- **How to complete this task**: Return the full set of entries below exactly, leaving every image out.

[Saved entries]
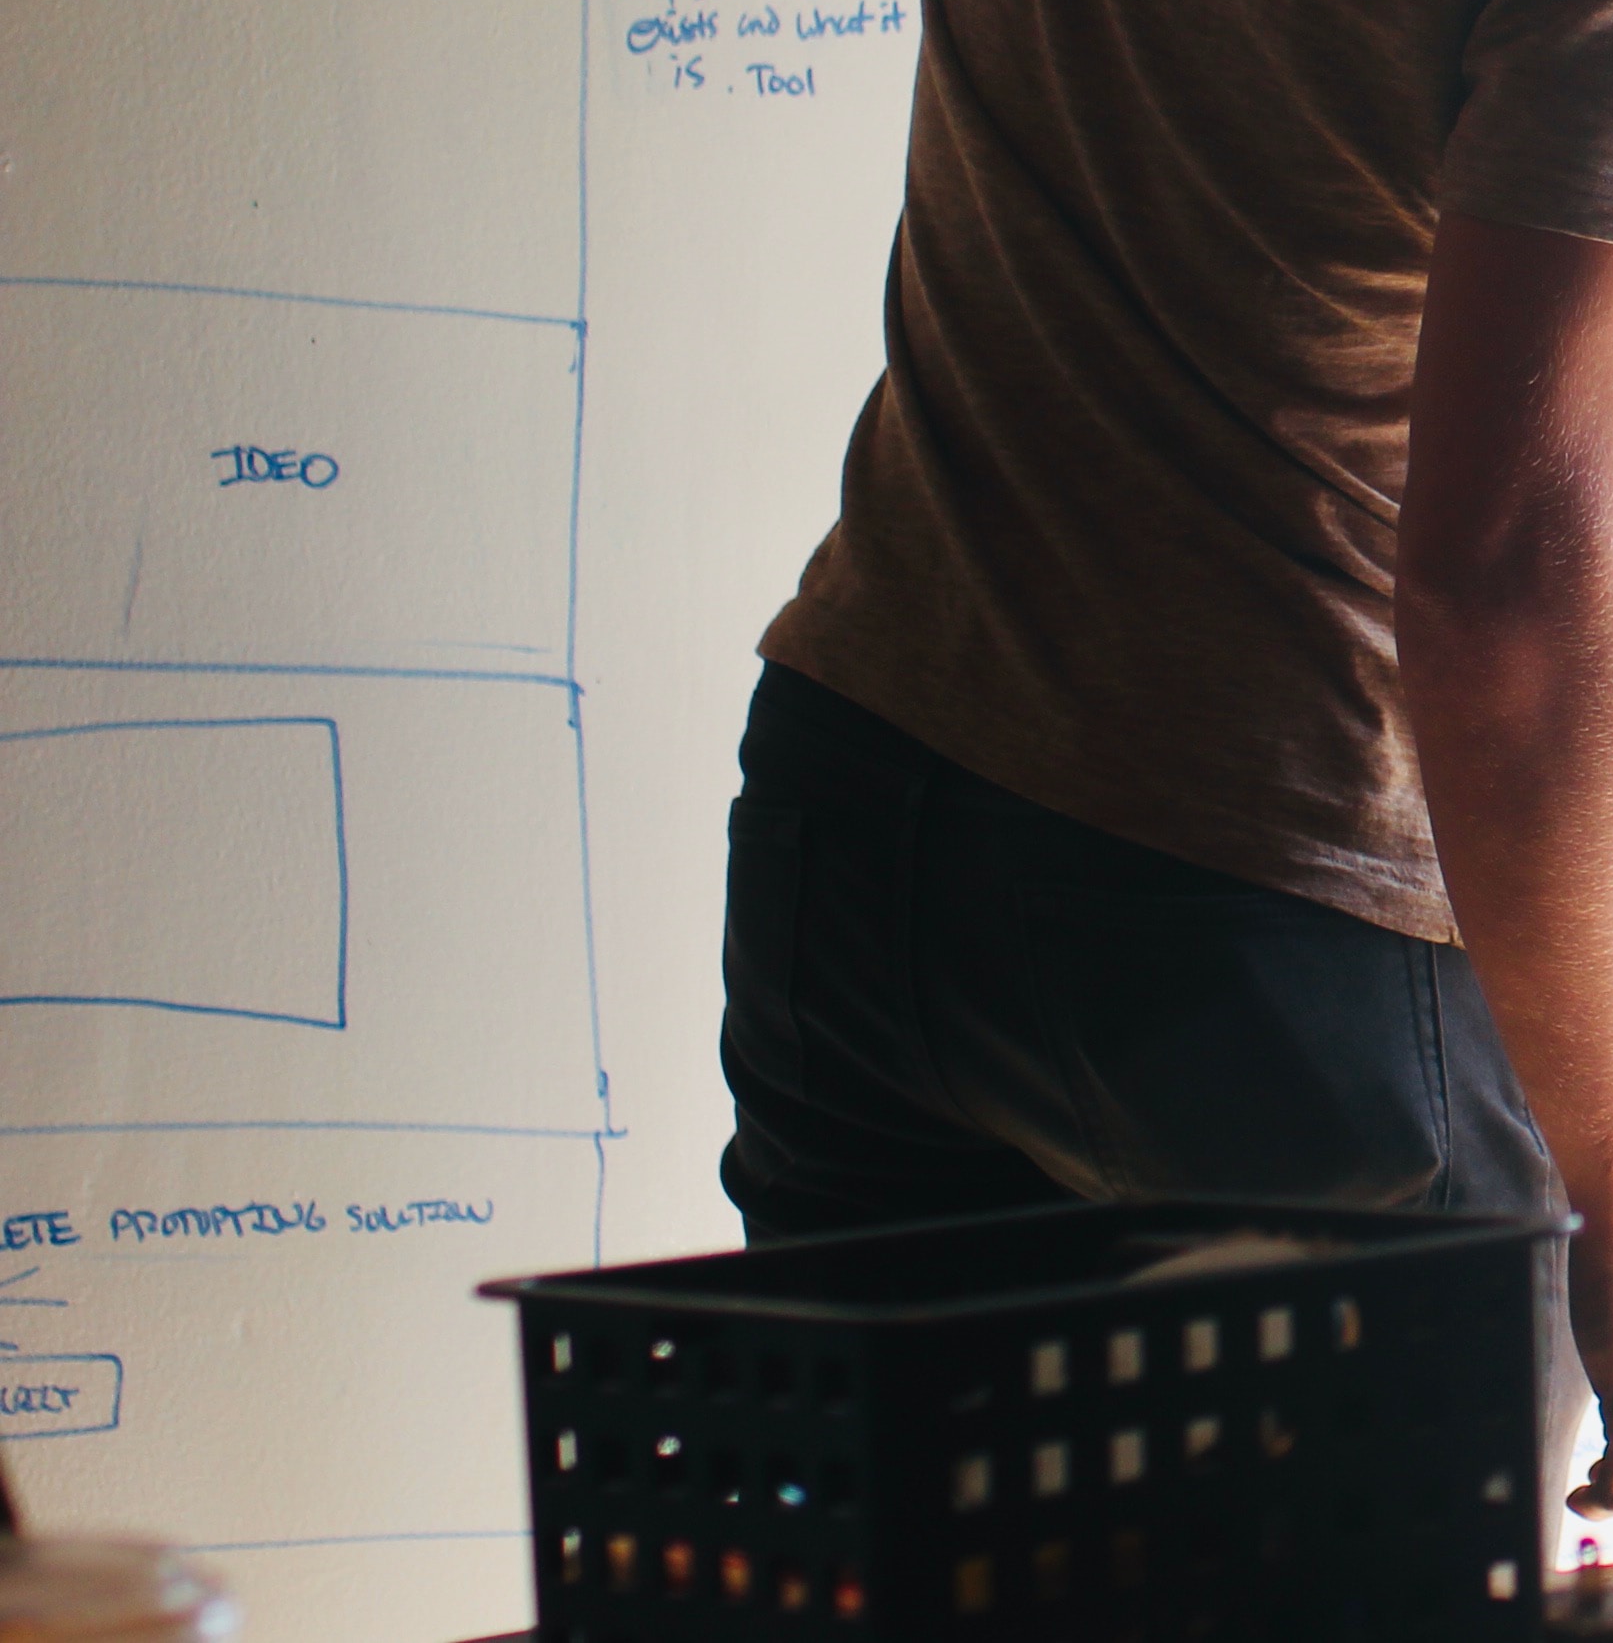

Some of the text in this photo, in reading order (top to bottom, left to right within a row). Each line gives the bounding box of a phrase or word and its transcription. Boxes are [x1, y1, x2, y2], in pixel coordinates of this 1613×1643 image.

[626, 8, 720, 55] exists
[736, 5, 781, 38] and
[879, 0, 906, 33] it
[668, 52, 817, 98] is Tool
[210, 445, 340, 490] IDEO
[348, 1199, 495, 1233] SOLUTION
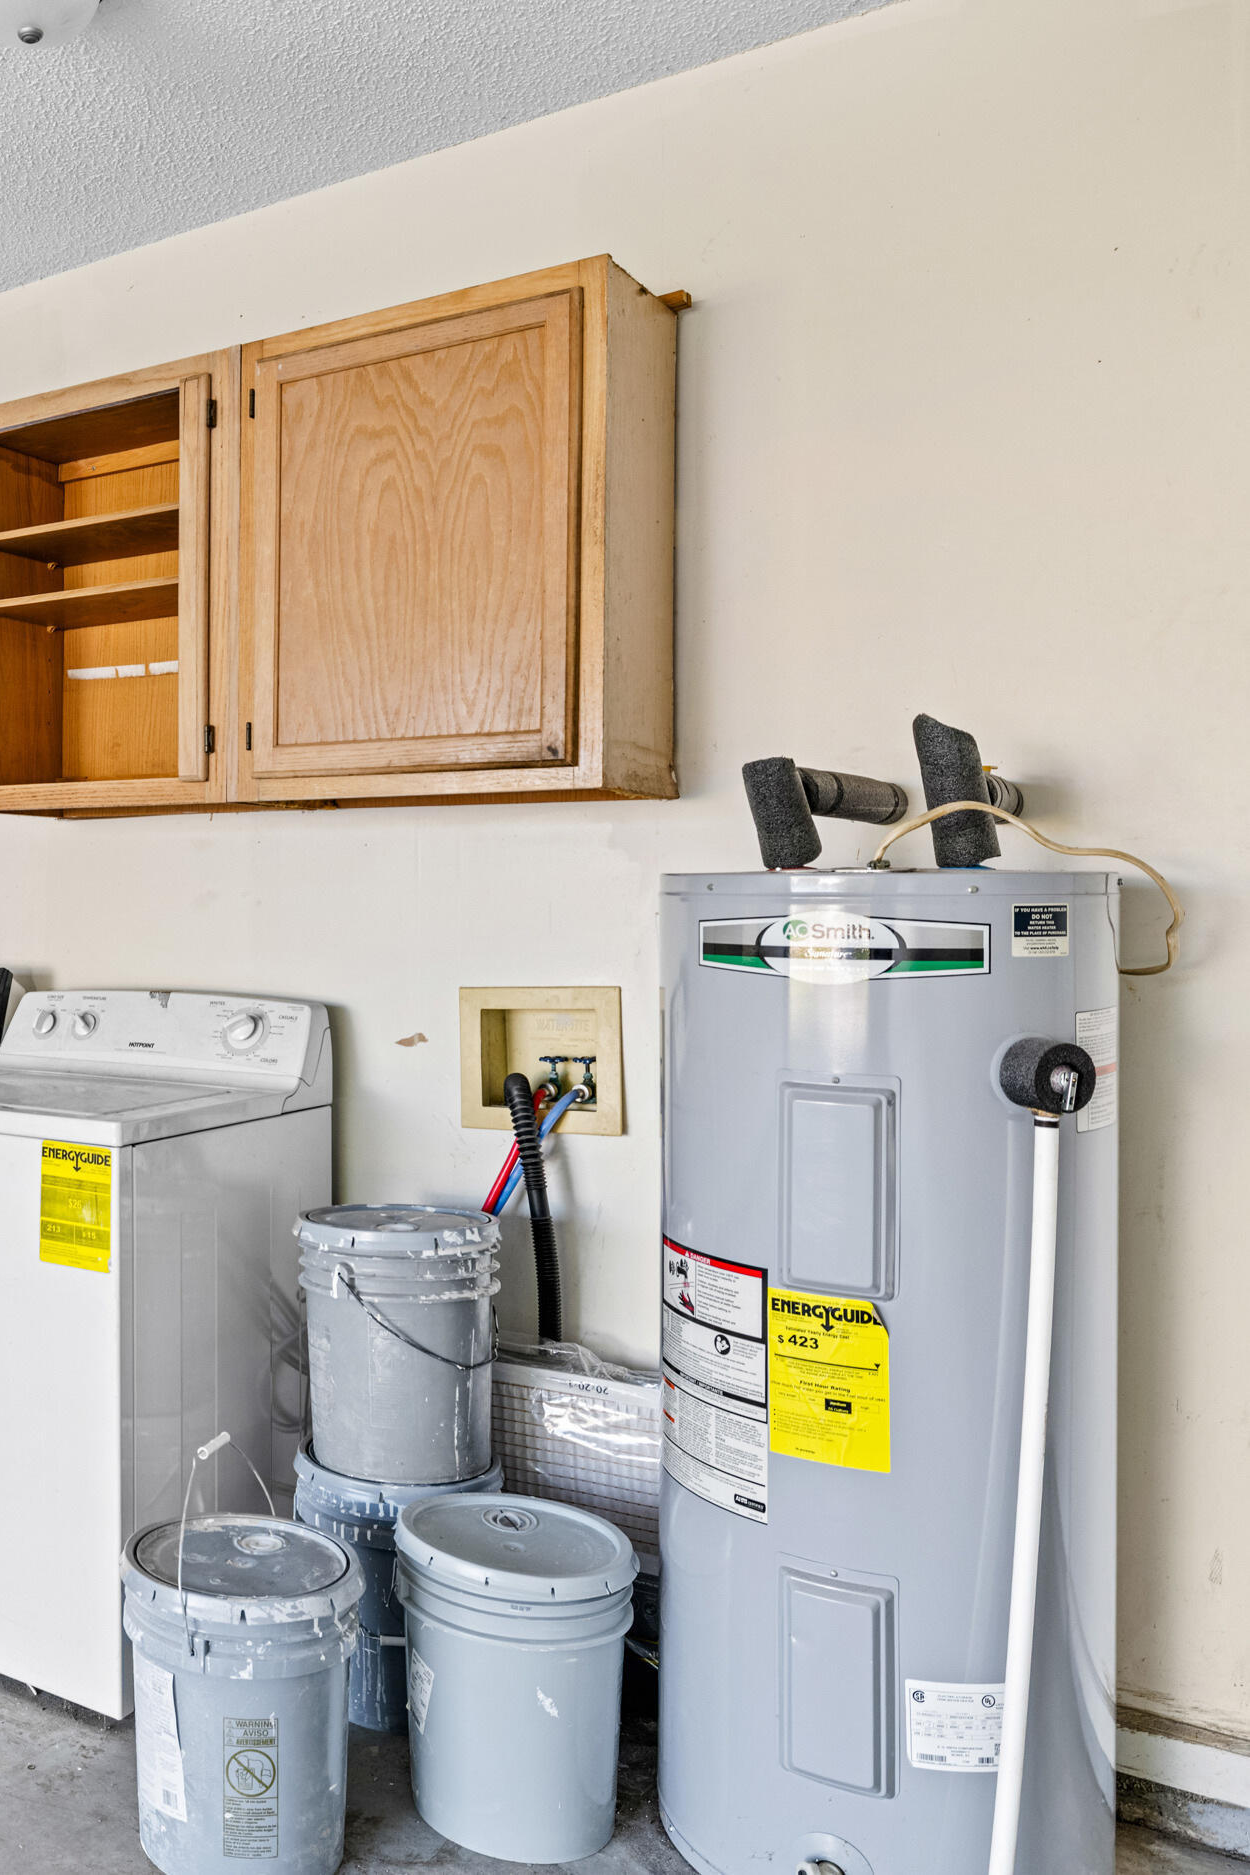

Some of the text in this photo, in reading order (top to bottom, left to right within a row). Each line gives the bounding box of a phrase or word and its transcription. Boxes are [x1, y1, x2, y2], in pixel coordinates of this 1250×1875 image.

[41, 1146, 111, 1168] ENERGYGUIDE
[690, 1251, 711, 1265] DANGER
[777, 1334, 819, 1350] $ 423
[243, 1729, 269, 1737] AVISO
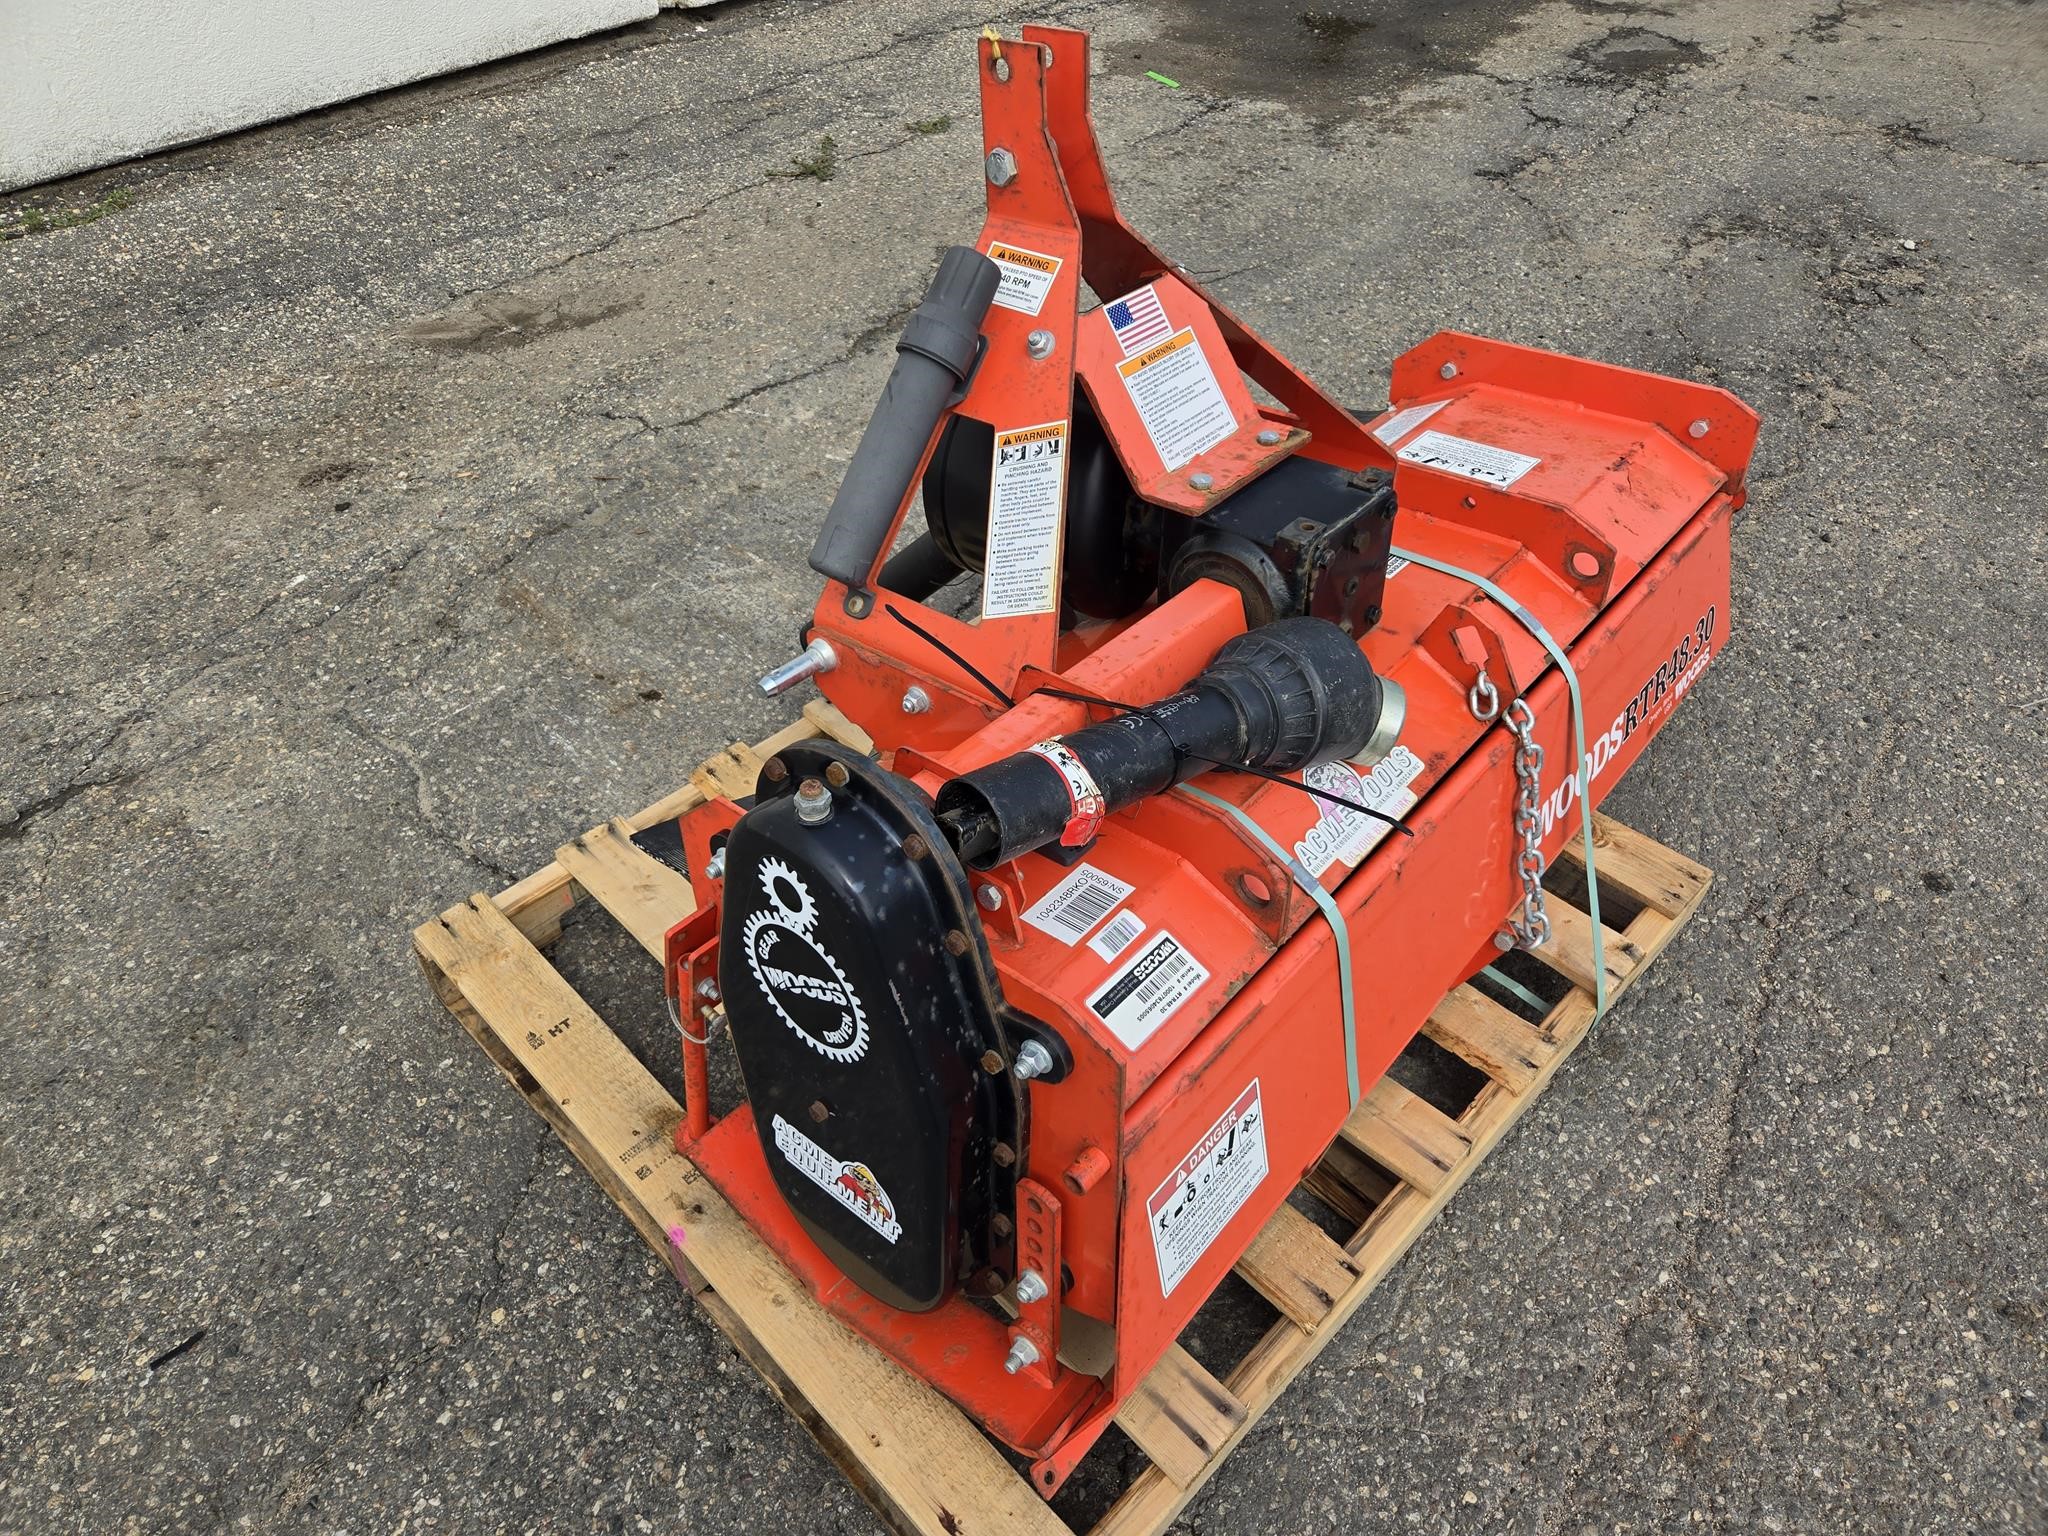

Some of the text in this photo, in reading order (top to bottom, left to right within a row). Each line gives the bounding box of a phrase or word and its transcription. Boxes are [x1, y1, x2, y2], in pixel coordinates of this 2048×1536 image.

- **Finished task**:
Some of the text in this photo, in reading order (top to bottom, left to right within a row). Each line gives the bounding box of a phrase or word and its transcription. Boxes are [x1, y1, x2, y2], in pixel coordinates of this 1613×1643 image.

[626, 8, 720, 55] exists
[736, 5, 781, 38] and
[879, 0, 906, 33] it
[668, 52, 817, 98] is Tool
[210, 445, 340, 490] IDEO
[348, 1199, 495, 1233] SOLUTION

Some of the text in this photo, in reading order (top to bottom, left to right within a row). Each line gives the bounding box of a phrase or word and its transcription. Boxes are [x1, y1, x2, y2], in pixel coordinates of this 1250×1875 image.

[41, 1146, 111, 1168] ENERGYGUIDE
[690, 1251, 711, 1265] DANGER
[777, 1334, 819, 1350] $ 423
[243, 1729, 269, 1737] AVISO

Some of the text in this photo, in reading order (top to bottom, left to right within a row). Each line gives the bounding box of a phrase or word and its transcription. Boxes are [x1, y1, x2, y2], in pixel coordinates of this 2048×1536 image.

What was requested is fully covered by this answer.